In another demonstration of the great value of the amassed data in DataShop, Koedinger, Yudelson, & Pavlik (in press) used eight of the stored datasets stored to address a long-standing debate between competing theories of transfer of learning: faculty theory versus an identical elements or component theory (cf., Singley & Anderson, 1989). They developed statistical models of these alternative theories and found that the component theory provides better prediction accuracy and better explanatory power than the faculty theory. These results provide further support for KLI Framework construct of knowledge components.
Domain-general models of learning. One fundamental contribution of the CMDM team was an AI journal paper on the integration of representation learning into skill learning (Li et al., 2015). The paper presented a computational model that extended our machine learning simulation of student learning. SimStudent, providing a precise theoretical account of inductive learning processes in the KLI framework. This effort continued a LearnLab theme of demonstrating the relevance of language learning processes (i.e., grammar learning as a form of representation learning) in science and mathematics learning (cf., Koedinger & McLaughlin, 2010; Koedinger & McLaughlin 2016).
Predictive Engineering Models and Methods. Our progress in developing models and methods for engineering more effective courses was through work on the Assistance Dilemma formulation (Koedinger & Aleven, 2007, cited by 335; Koedinger, Pavlik, McLaren, & Aleven, 2008; Pavlik & Anderson, 2008; Pavlik, Bolster, Wu, Koedinger & MacWhinney, 2008; Borek, McLaren,Karabinos & Yaron, 2009; McLaren, Timms, Weihnacht & Brenner, 2012; McLaren, van Gog, Ganoe, Yaron & Karabinos, 2014; Walkington & Maull, 2011) and on extending the KLI framework (see above). We pushed the KLI framework beyond the core focus on cognitive factors to touch on issues related to the Social Communicative thrust (e.g., Koedinger & Wiese, 2wy015) and the Metacognition and Motivation thrust. For example, an ongoing collaboration between CMDM and the Metacognition and Motivation thrust produced a series of highly influential papers on machine learning based detectors of student motivation and affect (e.g., Baker et al., 2013, cited by 175; Baker & Rossi, 2013; Baker et al., 2008c, cited by 126; Rodrigo & Baker, 2011).

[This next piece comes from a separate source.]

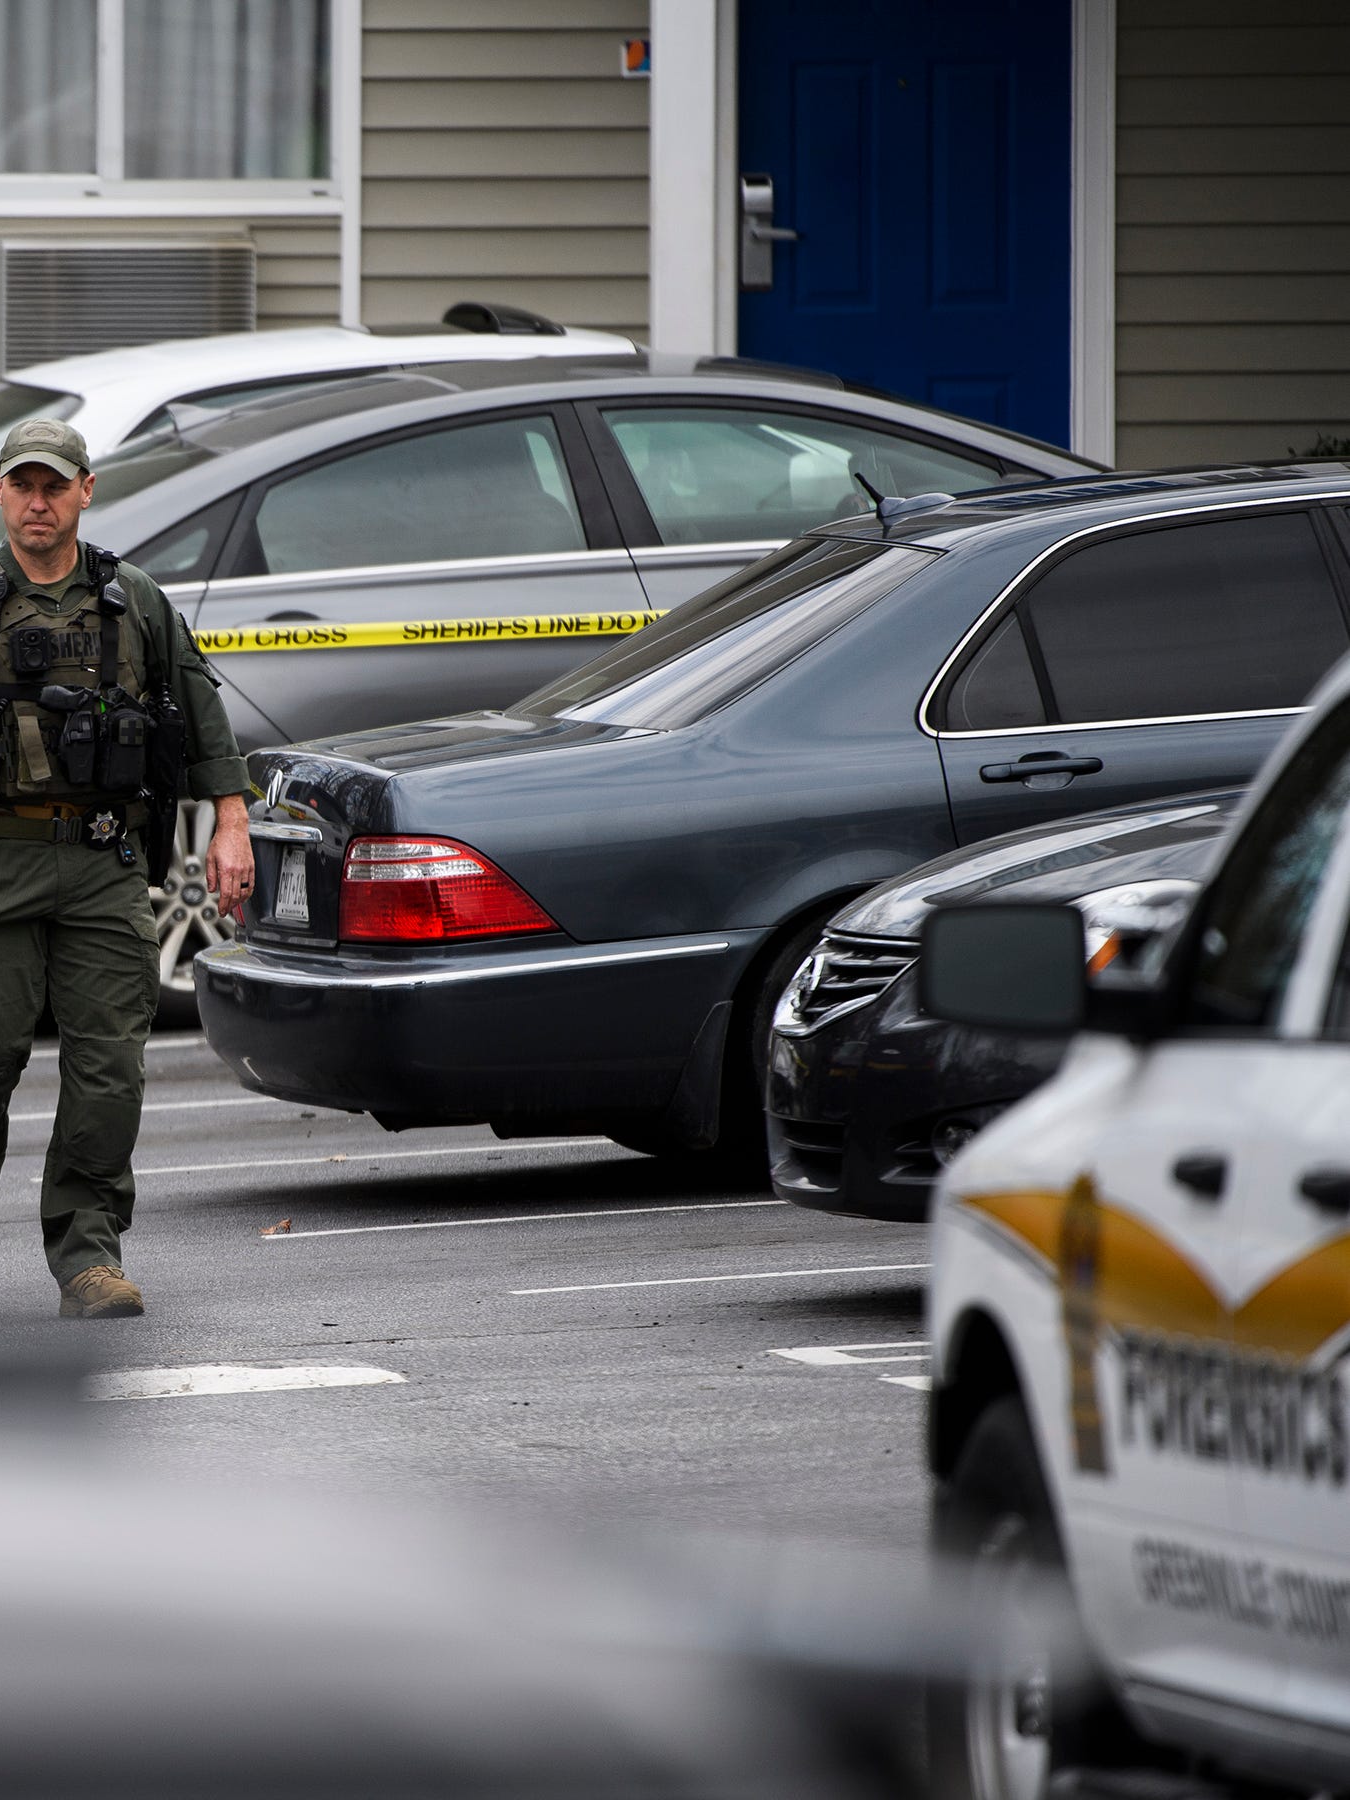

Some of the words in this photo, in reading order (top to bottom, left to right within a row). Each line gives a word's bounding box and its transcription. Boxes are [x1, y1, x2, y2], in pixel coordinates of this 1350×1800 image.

Large-impact Instructional Interventions. The learner models developed in CMDM let to large-impact instructional inventions. We provide two examples. First, Davenport et al., (2008) performanced a micro-level domain analysis used verbal protocol studies to identify the knowledge components that differentiate novice and expert performance while solving problems in chemical equilibrium. These analyses revealed a central conceptual structure — progress of reaction — that was not being directly addressed in instruction. A cross-semester comparison demonstrated that consequent redesign of the course materials led to a 2.5x increase in student performance on the targeted equilibrium content. Second, Chi et al., 2011 applied a machine learning method, Reinforcement Learning, to automatically derive adaptive pedagogical strategies directly from pre-existing student-computer interaction data. Results showed that the induced pedagogical strategies significantly improved students’ learning gains by up to 60% compared to control students.